Tansy This flower attracts pest-eating bugs such as ladybugs or ladybirds, and predatory wasps. Tansy also repels cutworm which attacks asparagus, beans, cabbage, carrots, celery, corn, lettuce, peas, peppers, potato and tomato plants.
Calendula & Cosmos will attract tiny parasitizing wasps to aphid-hungry hoverflies. Calendula repels whitefly while at the same time attracting beneficial insects. Calendula is easy to grow and keeps flowering through the summer if you regularly pick off the seed heads. Cosmos also repels the corn earworm, lacewings, parasitic wasps and tachinid flies.
Marigolds The bright yellow blooms of all types of marigolds attract hoverflies, bees and butterflies. The strong scent of the French Marigold types is said to deter nematodes. They often confuse pests if planted with vegetables.
Poached Egg Plant is native to California and is excellent for growing along the edges of raised beds. Great attractant for hoverflies and bees. Planting between rows of vegetables can help to keep weeds to a minimum.
Daisies, especially chamomile, will attract a range of beneficial insects. Hoverflies and predatory wasps love them. An added benefit of growing chamomile is that you can make delicious fresh herbal tea from the flowers.

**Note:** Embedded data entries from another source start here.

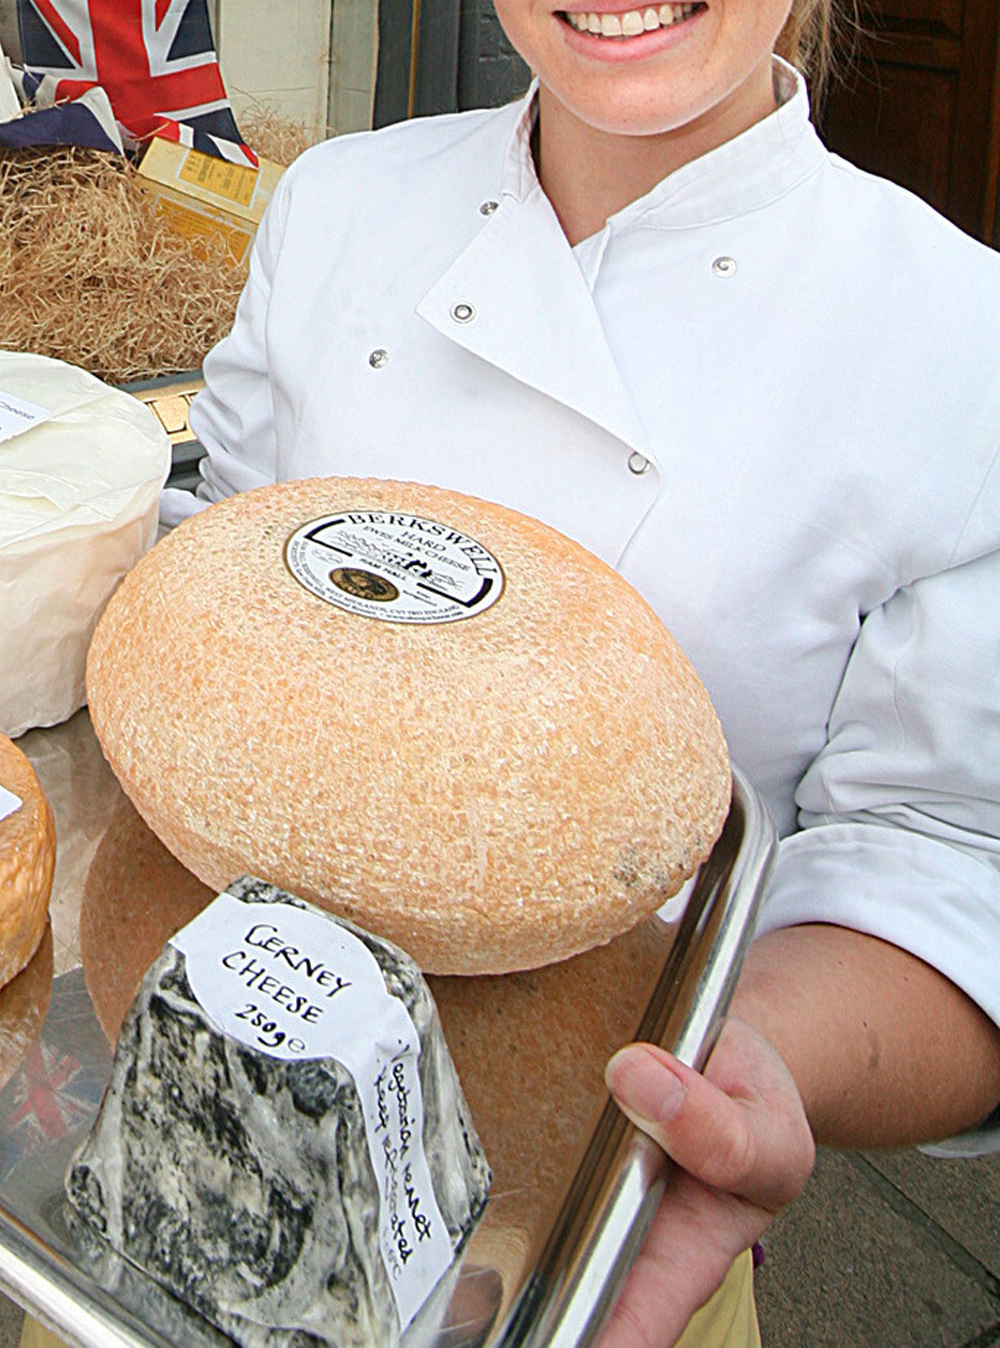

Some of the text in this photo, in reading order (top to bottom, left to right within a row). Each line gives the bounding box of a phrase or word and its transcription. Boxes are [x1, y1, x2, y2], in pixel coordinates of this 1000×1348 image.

[347, 513, 499, 576] BERKSWELL
[393, 537, 423, 554] MILK
[424, 548, 472, 572] CHEESE
[400, 530, 448, 553] HARD
[221, 951, 325, 1024] CHEESE
[243, 923, 353, 998] CERNEY

Valentine’s month is for lovers, and it is also for doing a little matchmaking in your garden. Your garden will love you for it and will reward you with a healthy, bountiful harvest. Having a vegetable garden is so much more rewarding when your plants work together. This is the perfect season to start companion planting in your garden!
What are you waiting for? Start matchmaking!